Records for the task Block Start

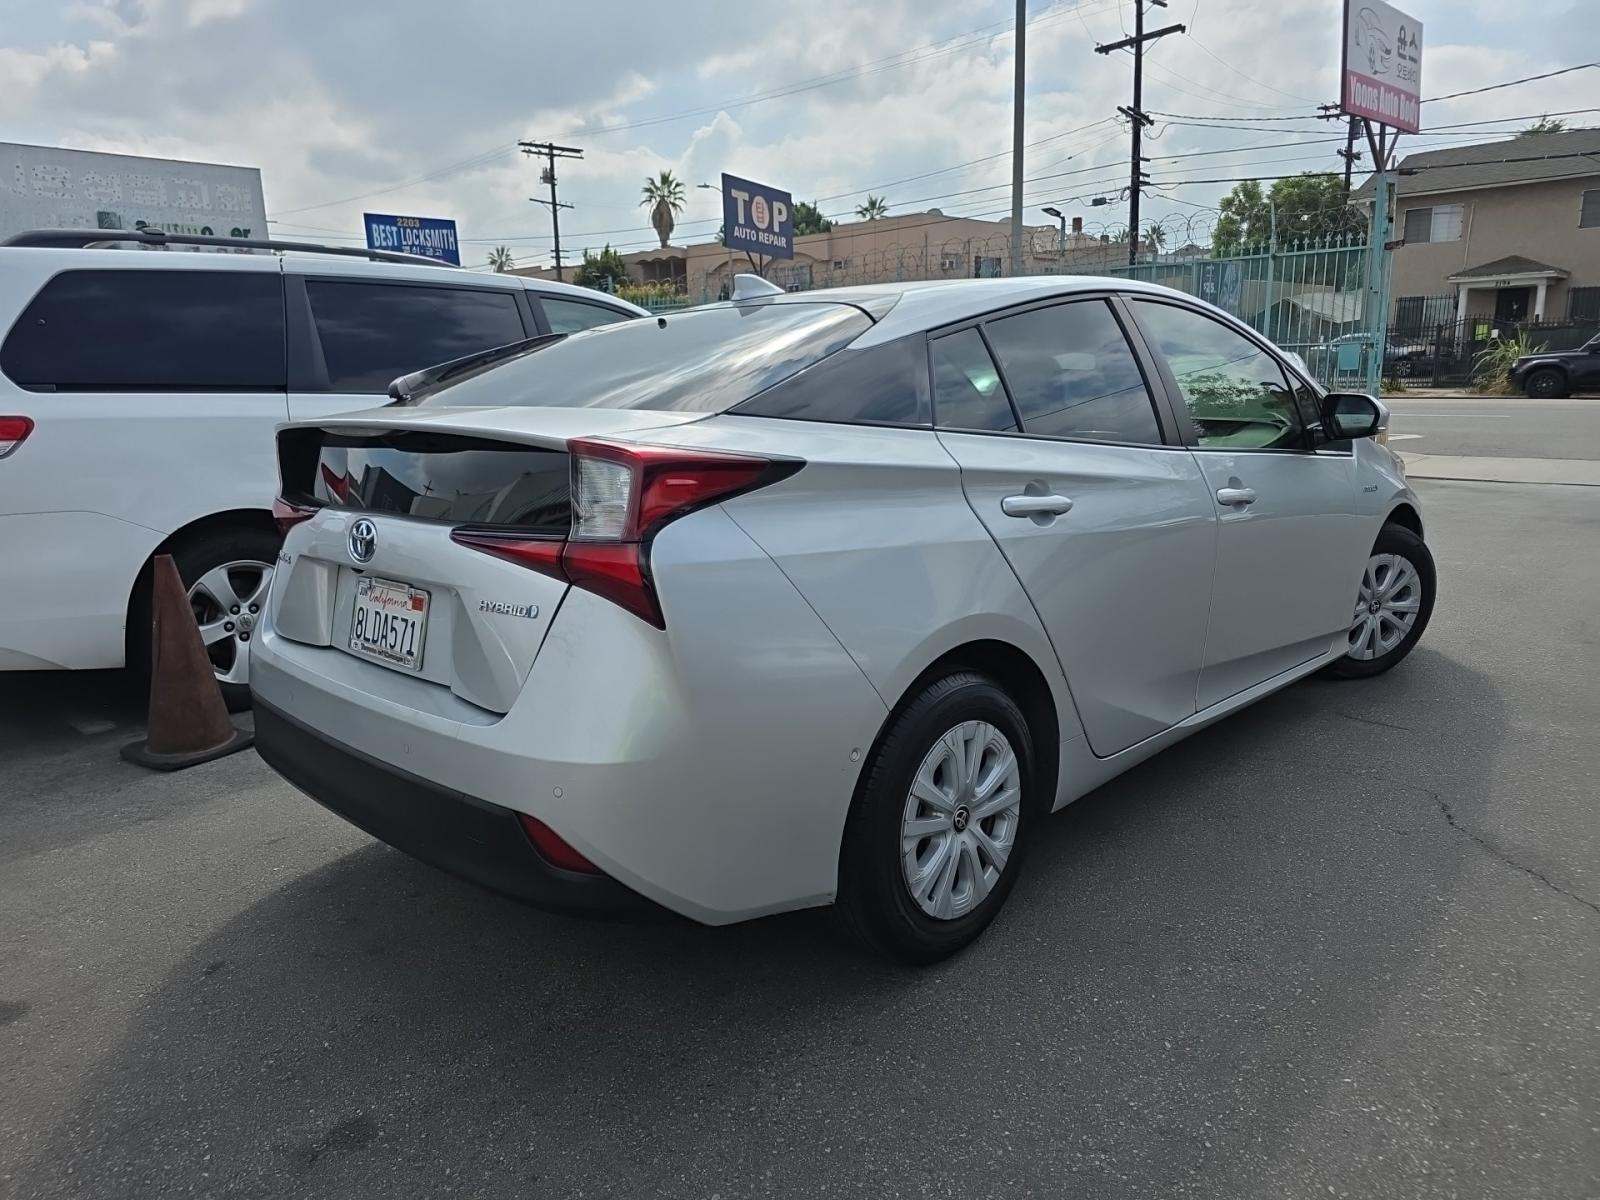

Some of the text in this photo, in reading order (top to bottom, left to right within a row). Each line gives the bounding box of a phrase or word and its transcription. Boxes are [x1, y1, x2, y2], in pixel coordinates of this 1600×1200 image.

[1350, 75, 1418, 128] Yoons Auto Body
[397, 217, 420, 228] 2203
[731, 188, 788, 233] TOP
[371, 223, 456, 251] BEST LOCKSMITH
[734, 226, 787, 249] AUTO REPAIR
[369, 587, 408, 610] California
[479, 599, 529, 618] HYBRID
[355, 606, 416, 656] 8LDA571
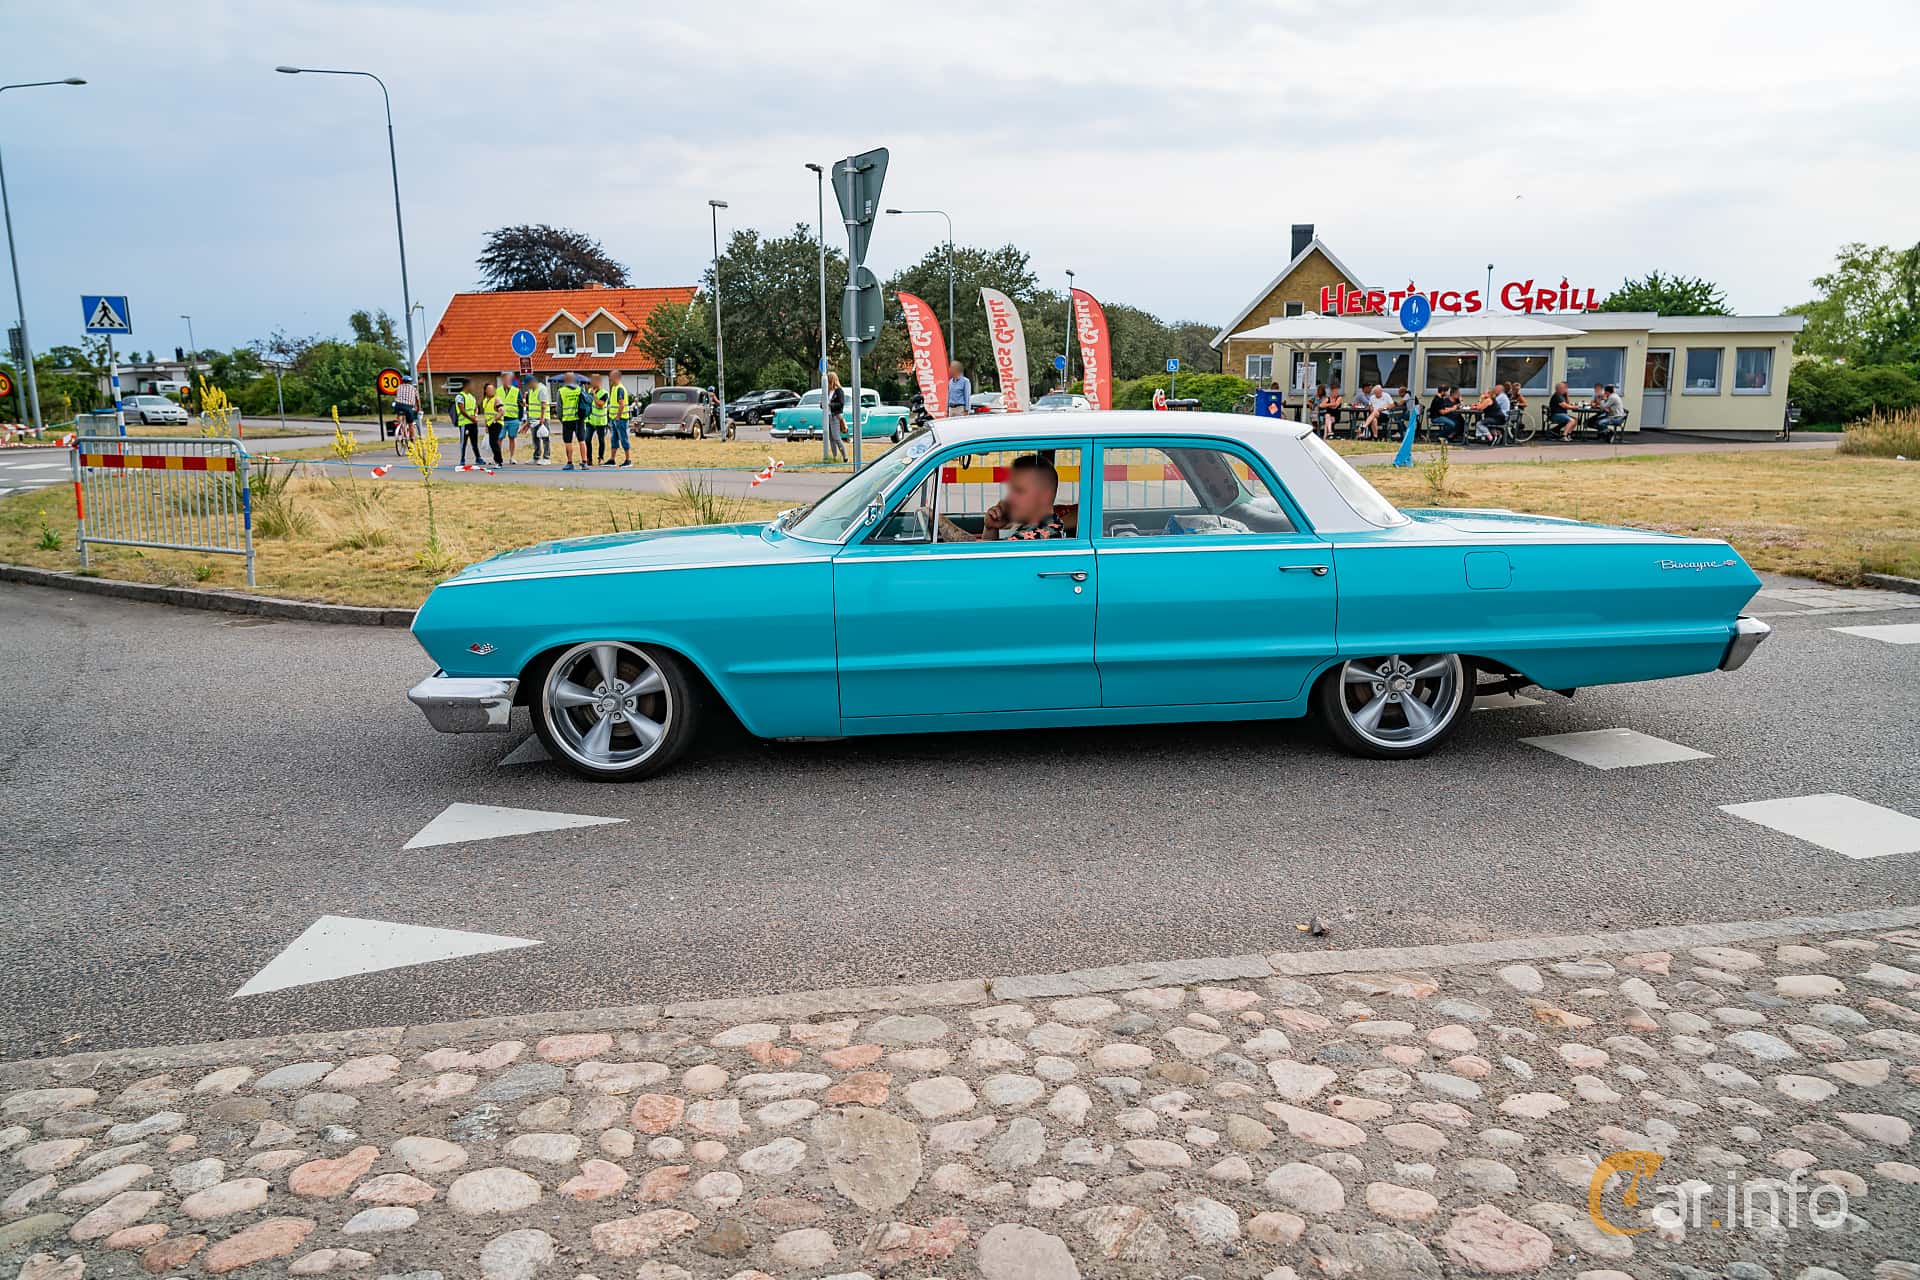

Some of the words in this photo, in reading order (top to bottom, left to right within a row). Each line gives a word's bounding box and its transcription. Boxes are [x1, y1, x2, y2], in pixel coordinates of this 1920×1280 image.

[1319, 281, 1482, 317] HERTGS
[383, 376, 399, 389] 30
[1654, 559, 1720, 573] Biscayne
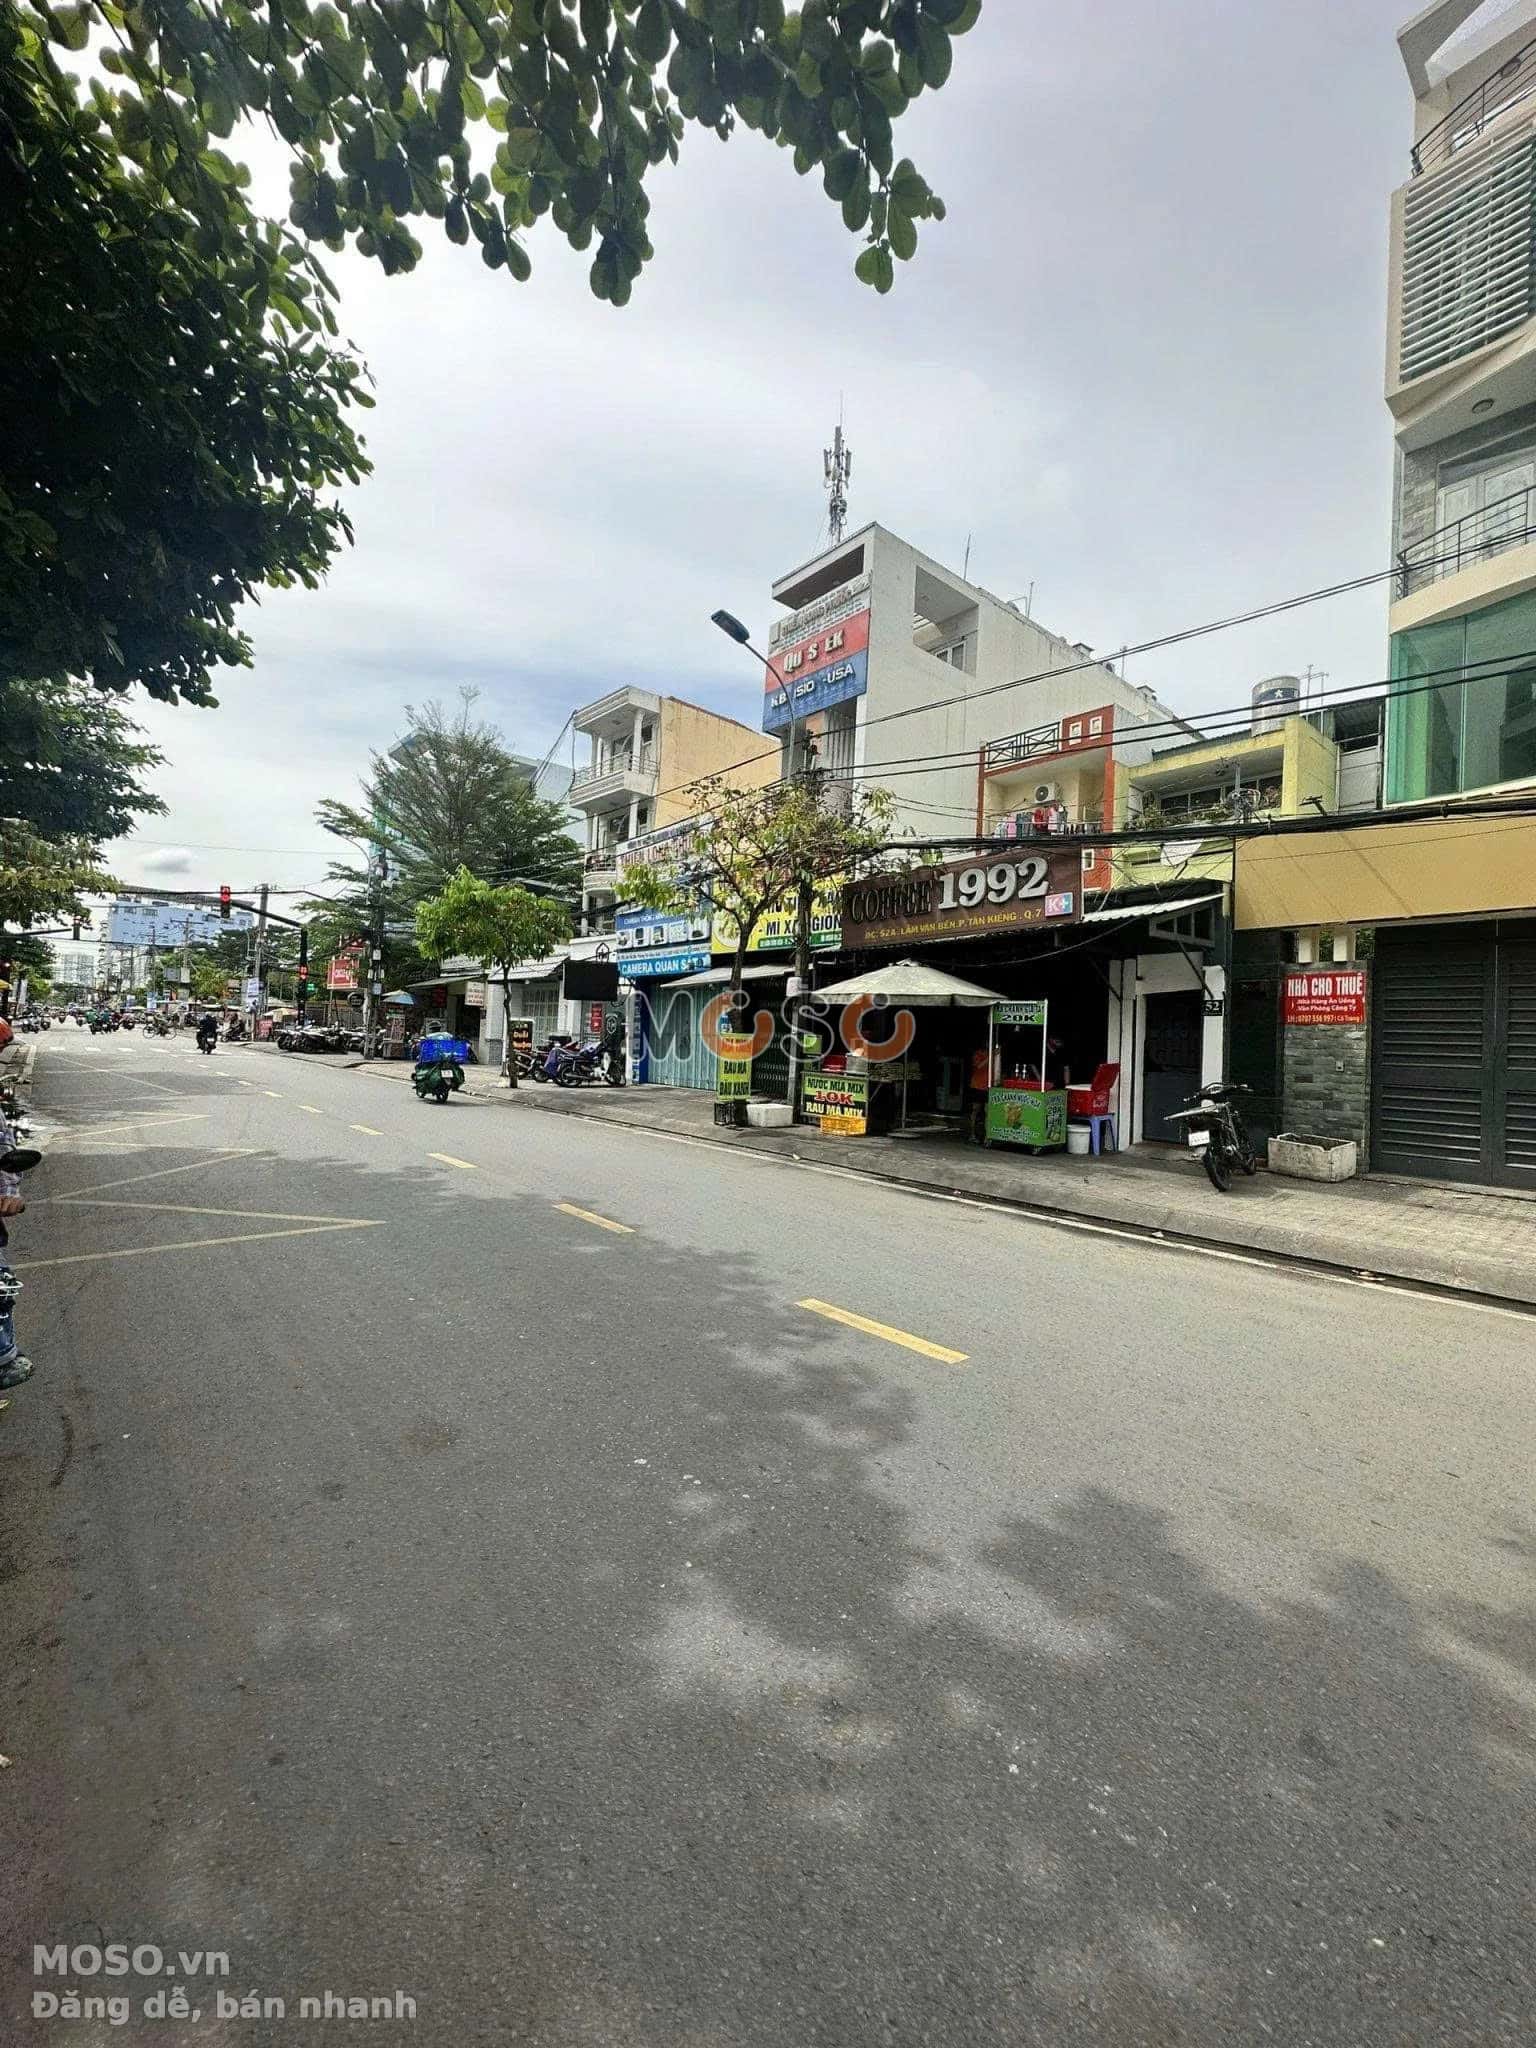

Records for the task Block End

_Exercise:_
Produce the data again character for character, with the images left out.

_Solution for this exercise:_
Some of the text in this photo, in reading order (top to bottom, left to right within a row). Each line gives the bounding box of a phrase or word and its transcription. Boxes are [x1, y1, x2, y2], in pixel coordinates of this 1600×1200 image.

[1350, 75, 1418, 128] Yoons Auto Body
[397, 217, 420, 228] 2203
[731, 188, 788, 233] TOP
[371, 223, 456, 251] BEST LOCKSMITH
[734, 226, 787, 249] AUTO REPAIR
[369, 587, 408, 610] California
[479, 599, 529, 618] HYBRID
[355, 606, 416, 656] 8LDA571

Some of the words in this photo, in reading order (top to bottom, left to right within a row). Each line gives a word's bounding box and its transcription. Boxes are [x1, y1, x2, y2], in pixel coordinates of this 1920×1280 image.

[1319, 281, 1482, 317] HERTGS
[383, 376, 399, 389] 30
[1654, 559, 1720, 573] Biscayne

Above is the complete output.